MAMORX: Multi-agent Multi-Modal Scientific Review Generation with External Knowledge
Authors
Pawin Taechoyotin*, Guanchao Wang*, Tong Zeng, Bradley Sides, Daniel Acuna+
University of Colorado Boulder
*Equal contribution.
+Corresponding author: daniel.acuna@colorado.edu
Publication Venue
Accepted at the Workshop on Foundation Models for Science: Progress, Opportunities, and Challenges (FM4Science) at NeurIPS 2024
Vancouver, Canada • Meeting Room #202-204
Abstract
The deluge of scientific papers has made it challenging for researchers to throughly evaluate their own and others' ideas with regards to novelty and improvements. We propose MAMORX, an automated scientific review generation system that relies on multi-modal foundation models to address this challenge.
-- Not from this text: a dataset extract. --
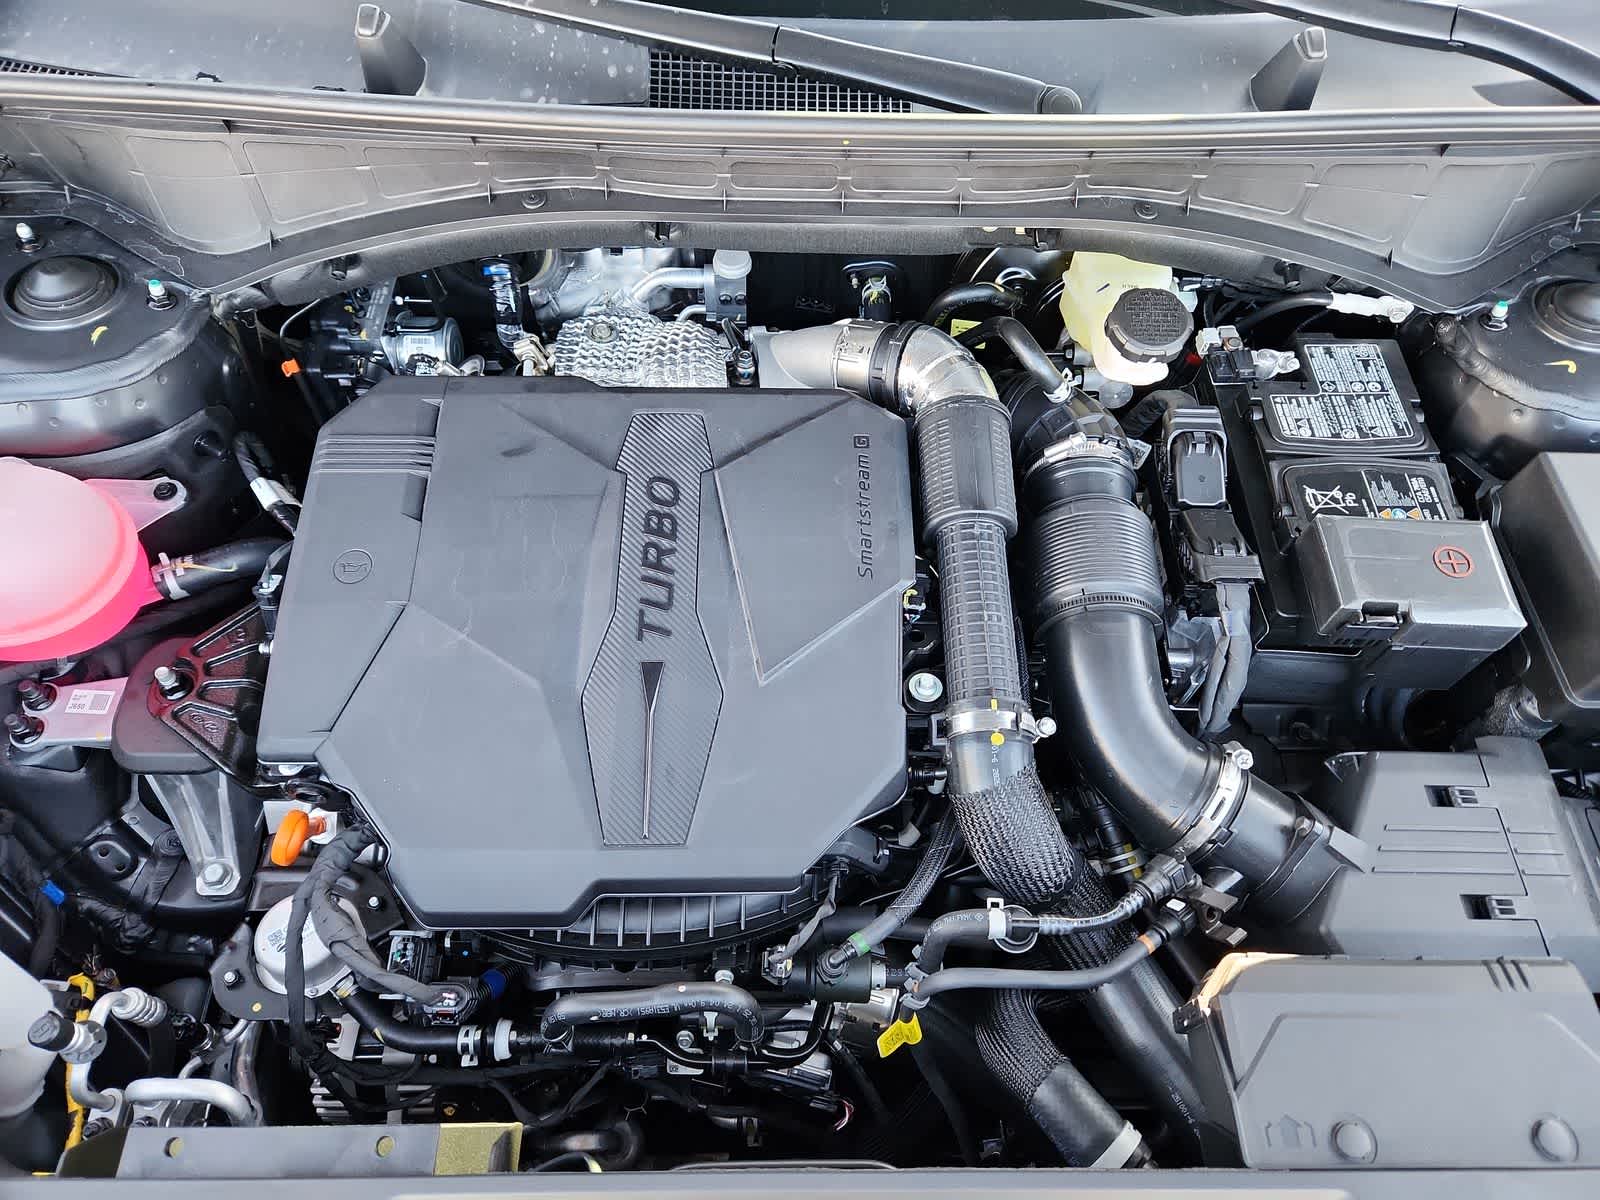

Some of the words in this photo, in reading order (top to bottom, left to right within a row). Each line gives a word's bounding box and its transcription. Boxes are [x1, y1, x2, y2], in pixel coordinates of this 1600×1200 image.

MAMORX replicates key aspects of human review by integrating attention to text, figures, and citations, along with access to external knowledge sources. Compared to previous work, it takes advantage of large context windows to significantly reduce the number of agents and the processing time needed. The system relies on structured outputs and function calling to handle figures, evaluate novelty, and build general and domain-specific knowledge bases from external scholarly search systems. To test our method, we conducted an arena-style competition between several baselines and human reviews on diverse papers from general machine learning and NLP fields, calculating Elo ratings based on human preferences. MAMORX has a high win rate against human reviews and outperforms the next-best model, a multi-agent system. We share our system (the code for our system can be found at https://github.com/sciosci/mamorx-review-system and an example implementation is running at https://rev0.ai), and discuss further applications of foundation models for scientific evaluation.